**** Data for analysis
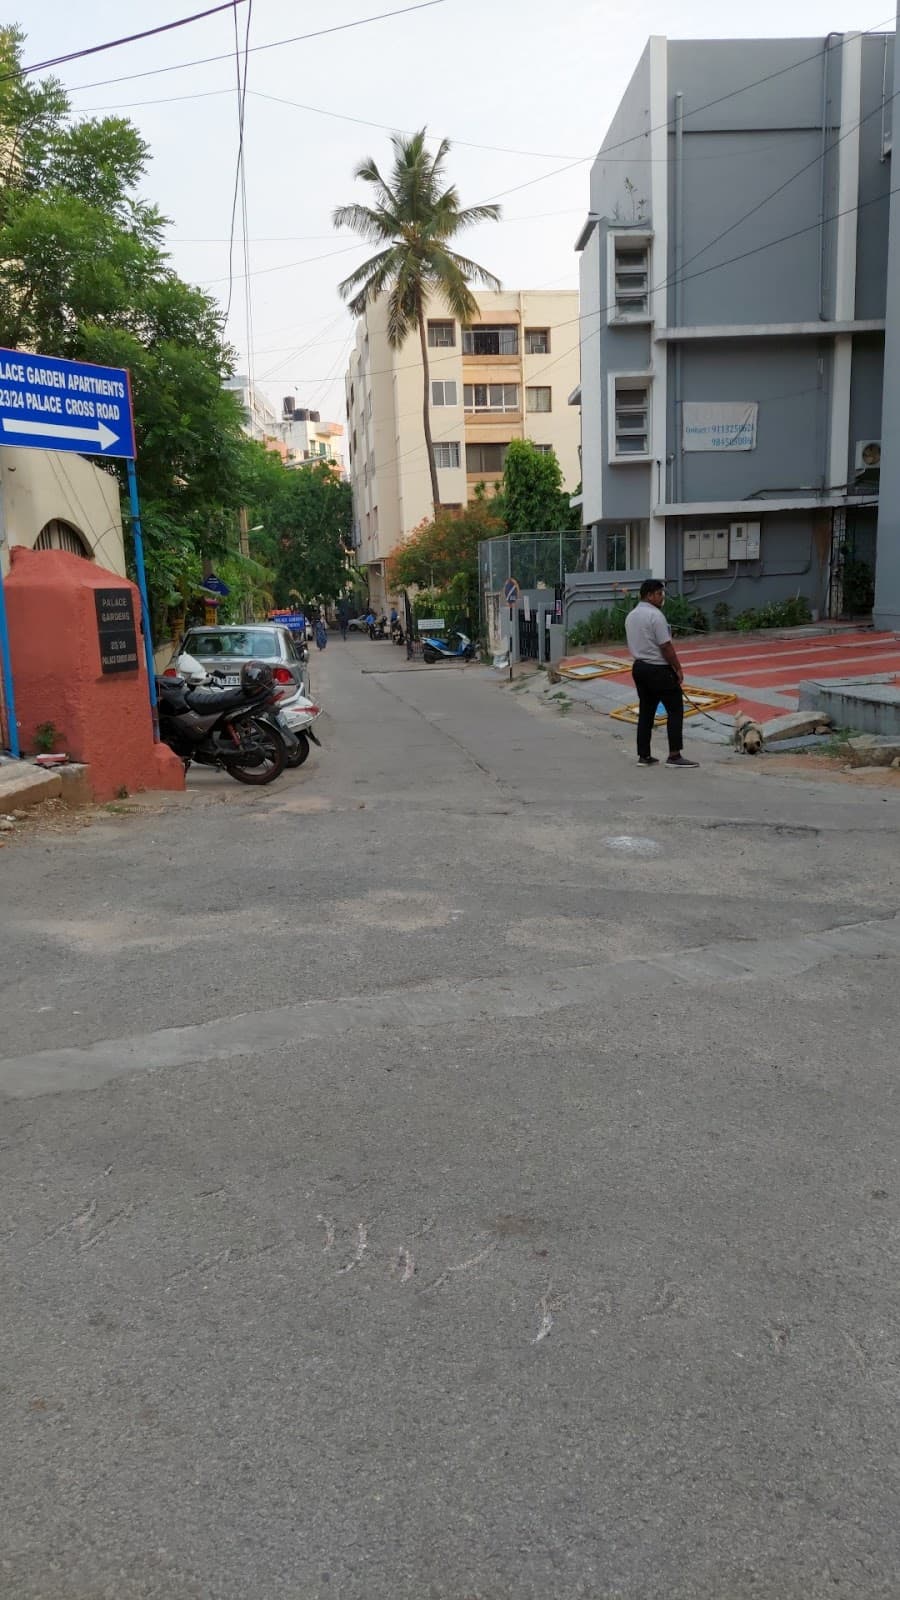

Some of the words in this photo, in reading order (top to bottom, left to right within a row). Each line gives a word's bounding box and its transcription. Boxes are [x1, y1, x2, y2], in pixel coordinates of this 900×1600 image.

[26, 366, 66, 389] GARDEN
[68, 373, 125, 398] APARTMENTS
[26, 392, 62, 414] PALACE
[65, 398, 95, 418] CROSS
[96, 403, 120, 421] ROAD
********
What you will do - From the first record to the last, transcribe everything exactly but drop the pictures.

Solved exercise -
Some of the words in this photo, in reading order (top to bottom, left to right within a row). Each line gives a word's bounding box and its transcription. Boxes are [x1, y1, x2, y2], in pixel coordinates of this 900×1600 image.

[26, 366, 66, 389] GARDEN
[68, 373, 125, 398] APARTMENTS
[26, 392, 62, 414] PALACE
[65, 398, 95, 418] CROSS
[96, 403, 120, 421] ROAD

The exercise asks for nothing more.